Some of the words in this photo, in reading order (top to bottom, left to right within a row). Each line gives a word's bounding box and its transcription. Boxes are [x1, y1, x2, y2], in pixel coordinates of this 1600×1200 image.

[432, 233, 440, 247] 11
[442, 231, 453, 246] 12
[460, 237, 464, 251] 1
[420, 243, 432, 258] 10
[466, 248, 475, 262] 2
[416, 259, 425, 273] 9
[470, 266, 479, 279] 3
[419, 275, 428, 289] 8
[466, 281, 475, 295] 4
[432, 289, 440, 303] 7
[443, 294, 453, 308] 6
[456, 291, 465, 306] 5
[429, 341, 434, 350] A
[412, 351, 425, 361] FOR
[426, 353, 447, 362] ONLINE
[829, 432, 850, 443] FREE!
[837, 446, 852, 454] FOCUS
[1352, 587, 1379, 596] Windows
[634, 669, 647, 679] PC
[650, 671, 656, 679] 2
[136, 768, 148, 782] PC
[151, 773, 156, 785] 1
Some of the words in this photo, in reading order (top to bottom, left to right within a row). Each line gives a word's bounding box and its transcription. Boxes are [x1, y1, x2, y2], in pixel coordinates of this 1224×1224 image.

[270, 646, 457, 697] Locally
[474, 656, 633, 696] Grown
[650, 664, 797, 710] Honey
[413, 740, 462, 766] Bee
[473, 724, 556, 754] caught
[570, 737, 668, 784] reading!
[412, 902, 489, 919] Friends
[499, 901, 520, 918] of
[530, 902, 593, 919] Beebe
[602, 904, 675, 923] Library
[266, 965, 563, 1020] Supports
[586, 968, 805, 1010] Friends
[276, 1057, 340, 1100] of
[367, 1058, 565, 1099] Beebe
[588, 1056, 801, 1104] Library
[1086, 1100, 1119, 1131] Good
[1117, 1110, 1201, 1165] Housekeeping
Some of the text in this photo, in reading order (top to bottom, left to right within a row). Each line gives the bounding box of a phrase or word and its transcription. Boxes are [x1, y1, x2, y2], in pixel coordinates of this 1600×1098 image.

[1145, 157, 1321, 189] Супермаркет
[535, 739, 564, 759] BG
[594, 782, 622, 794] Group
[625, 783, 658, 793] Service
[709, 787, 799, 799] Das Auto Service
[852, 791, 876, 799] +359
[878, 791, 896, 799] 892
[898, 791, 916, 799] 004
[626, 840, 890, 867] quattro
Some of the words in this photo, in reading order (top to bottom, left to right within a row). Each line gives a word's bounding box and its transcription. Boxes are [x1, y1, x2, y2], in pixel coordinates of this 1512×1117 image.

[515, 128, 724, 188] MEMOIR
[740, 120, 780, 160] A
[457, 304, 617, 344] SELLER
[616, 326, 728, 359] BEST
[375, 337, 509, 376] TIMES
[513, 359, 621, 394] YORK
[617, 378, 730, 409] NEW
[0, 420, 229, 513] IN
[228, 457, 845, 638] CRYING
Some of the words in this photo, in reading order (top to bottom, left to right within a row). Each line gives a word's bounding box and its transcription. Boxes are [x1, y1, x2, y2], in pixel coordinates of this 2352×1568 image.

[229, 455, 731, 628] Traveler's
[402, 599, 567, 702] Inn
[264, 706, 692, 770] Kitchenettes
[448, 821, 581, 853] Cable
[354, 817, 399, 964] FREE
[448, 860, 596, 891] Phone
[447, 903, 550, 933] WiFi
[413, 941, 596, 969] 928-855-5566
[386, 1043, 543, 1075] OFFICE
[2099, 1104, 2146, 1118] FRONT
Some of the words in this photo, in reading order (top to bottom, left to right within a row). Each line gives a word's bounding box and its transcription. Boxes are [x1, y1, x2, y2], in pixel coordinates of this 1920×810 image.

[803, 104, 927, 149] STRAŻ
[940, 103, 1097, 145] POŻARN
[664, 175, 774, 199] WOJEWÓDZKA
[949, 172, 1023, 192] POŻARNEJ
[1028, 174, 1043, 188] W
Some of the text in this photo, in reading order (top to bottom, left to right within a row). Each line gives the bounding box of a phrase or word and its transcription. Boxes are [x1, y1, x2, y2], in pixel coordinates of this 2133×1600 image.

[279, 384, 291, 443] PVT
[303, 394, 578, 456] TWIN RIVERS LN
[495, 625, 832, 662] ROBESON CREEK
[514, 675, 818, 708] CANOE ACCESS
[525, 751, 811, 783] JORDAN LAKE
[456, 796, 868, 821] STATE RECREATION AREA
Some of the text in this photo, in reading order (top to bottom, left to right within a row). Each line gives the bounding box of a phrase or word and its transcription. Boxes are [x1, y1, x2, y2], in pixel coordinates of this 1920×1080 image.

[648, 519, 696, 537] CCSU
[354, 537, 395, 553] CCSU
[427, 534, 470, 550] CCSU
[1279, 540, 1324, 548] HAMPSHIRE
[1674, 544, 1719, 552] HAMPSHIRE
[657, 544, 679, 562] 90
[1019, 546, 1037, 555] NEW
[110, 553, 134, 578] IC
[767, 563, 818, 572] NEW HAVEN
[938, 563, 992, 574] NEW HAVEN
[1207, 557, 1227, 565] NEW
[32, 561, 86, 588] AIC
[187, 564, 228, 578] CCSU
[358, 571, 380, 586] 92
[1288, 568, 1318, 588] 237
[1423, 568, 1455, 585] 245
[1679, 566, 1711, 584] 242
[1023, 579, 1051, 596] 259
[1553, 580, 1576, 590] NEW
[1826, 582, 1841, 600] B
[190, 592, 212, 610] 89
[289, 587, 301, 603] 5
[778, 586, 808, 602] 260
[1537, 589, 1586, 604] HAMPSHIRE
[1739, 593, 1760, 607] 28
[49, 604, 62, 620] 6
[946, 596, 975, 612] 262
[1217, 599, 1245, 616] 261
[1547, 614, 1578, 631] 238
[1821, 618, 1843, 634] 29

- AIM OF THE EXERCISE:
Please print all of the material again with no alteration.

- EXERCISE OUTPUT:
Some of the words in this photo, in reading order (top to bottom, left to right within a row). Each line gives a word's bounding box and its transcription. Boxes are [x1, y1, x2, y2], in pixel coordinates of this 1600×1200 image.

[432, 233, 440, 247] 11
[442, 231, 453, 246] 12
[460, 237, 464, 251] 1
[420, 243, 432, 258] 10
[466, 248, 475, 262] 2
[416, 259, 425, 273] 9
[470, 266, 479, 279] 3
[419, 275, 428, 289] 8
[466, 281, 475, 295] 4
[432, 289, 440, 303] 7
[443, 294, 453, 308] 6
[456, 291, 465, 306] 5
[429, 341, 434, 350] A
[412, 351, 425, 361] FOR
[426, 353, 447, 362] ONLINE
[829, 432, 850, 443] FREE!
[837, 446, 852, 454] FOCUS
[1352, 587, 1379, 596] Windows
[634, 669, 647, 679] PC
[650, 671, 656, 679] 2
[136, 768, 148, 782] PC
[151, 773, 156, 785] 1
Some of the words in this photo, in reading order (top to bottom, left to right within a row). Each line gives a word's bounding box and its transcription. Boxes are [x1, y1, x2, y2], in pixel coordinates of this 1224×1224 image.

[270, 646, 457, 697] Locally
[474, 656, 633, 696] Grown
[650, 664, 797, 710] Honey
[413, 740, 462, 766] Bee
[473, 724, 556, 754] caught
[570, 737, 668, 784] reading!
[412, 902, 489, 919] Friends
[499, 901, 520, 918] of
[530, 902, 593, 919] Beebe
[602, 904, 675, 923] Library
[266, 965, 563, 1020] Supports
[586, 968, 805, 1010] Friends
[276, 1057, 340, 1100] of
[367, 1058, 565, 1099] Beebe
[588, 1056, 801, 1104] Library
[1086, 1100, 1119, 1131] Good
[1117, 1110, 1201, 1165] Housekeeping
Some of the text in this photo, in reading order (top to bottom, left to right within a row). Each line gives the bounding box of a phrase or word and its transcription. Boxes are [x1, y1, x2, y2], in pixel coordinates of this 1600×1098 image.

[1145, 157, 1321, 189] Супермаркет
[535, 739, 564, 759] BG
[594, 782, 622, 794] Group
[625, 783, 658, 793] Service
[709, 787, 799, 799] Das Auto Service
[852, 791, 876, 799] +359
[878, 791, 896, 799] 892
[898, 791, 916, 799] 004
[626, 840, 890, 867] quattro
Some of the words in this photo, in reading order (top to bottom, left to right within a row). Each line gives a word's bounding box and its transcription. Boxes are [x1, y1, x2, y2], in pixel coordinates of this 1512×1117 image.

[515, 128, 724, 188] MEMOIR
[740, 120, 780, 160] A
[457, 304, 617, 344] SELLER
[616, 326, 728, 359] BEST
[375, 337, 509, 376] TIMES
[513, 359, 621, 394] YORK
[617, 378, 730, 409] NEW
[0, 420, 229, 513] IN
[228, 457, 845, 638] CRYING
Some of the words in this photo, in reading order (top to bottom, left to right within a row). Each line gives a word's bounding box and its transcription. Boxes are [x1, y1, x2, y2], in pixel coordinates of this 2352×1568 image.

[229, 455, 731, 628] Traveler's
[402, 599, 567, 702] Inn
[264, 706, 692, 770] Kitchenettes
[448, 821, 581, 853] Cable
[354, 817, 399, 964] FREE
[448, 860, 596, 891] Phone
[447, 903, 550, 933] WiFi
[413, 941, 596, 969] 928-855-5566
[386, 1043, 543, 1075] OFFICE
[2099, 1104, 2146, 1118] FRONT
Some of the words in this photo, in reading order (top to bottom, left to right within a row). Each line gives a word's bounding box and its transcription. Boxes are [x1, y1, x2, y2], in pixel coordinates of this 1920×810 image.

[803, 104, 927, 149] STRAŻ
[940, 103, 1097, 145] POŻARN
[664, 175, 774, 199] WOJEWÓDZKA
[949, 172, 1023, 192] POŻARNEJ
[1028, 174, 1043, 188] W
Some of the text in this photo, in reading order (top to bottom, left to right within a row). Each line gives the bounding box of a phrase or word and its transcription. Boxes are [x1, y1, x2, y2], in pixel coordinates of this 2133×1600 image.

[279, 384, 291, 443] PVT
[303, 394, 578, 456] TWIN RIVERS LN
[495, 625, 832, 662] ROBESON CREEK
[514, 675, 818, 708] CANOE ACCESS
[525, 751, 811, 783] JORDAN LAKE
[456, 796, 868, 821] STATE RECREATION AREA
Some of the text in this photo, in reading order (top to bottom, left to right within a row). Each line gives the bounding box of a phrase or word and its transcription. Boxes are [x1, y1, x2, y2], in pixel coordinates of this 1920×1080 image.

[648, 519, 696, 537] CCSU
[354, 537, 395, 553] CCSU
[427, 534, 470, 550] CCSU
[1279, 540, 1324, 548] HAMPSHIRE
[1674, 544, 1719, 552] HAMPSHIRE
[657, 544, 679, 562] 90
[1019, 546, 1037, 555] NEW
[110, 553, 134, 578] IC
[767, 563, 818, 572] NEW HAVEN
[938, 563, 992, 574] NEW HAVEN
[1207, 557, 1227, 565] NEW
[32, 561, 86, 588] AIC
[187, 564, 228, 578] CCSU
[358, 571, 380, 586] 92
[1288, 568, 1318, 588] 237
[1423, 568, 1455, 585] 245
[1679, 566, 1711, 584] 242
[1023, 579, 1051, 596] 259
[1553, 580, 1576, 590] NEW
[1826, 582, 1841, 600] B
[190, 592, 212, 610] 89
[289, 587, 301, 603] 5
[778, 586, 808, 602] 260
[1537, 589, 1586, 604] HAMPSHIRE
[1739, 593, 1760, 607] 28
[49, 604, 62, 620] 6
[946, 596, 975, 612] 262
[1217, 599, 1245, 616] 261
[1547, 614, 1578, 631] 238
[1821, 618, 1843, 634] 29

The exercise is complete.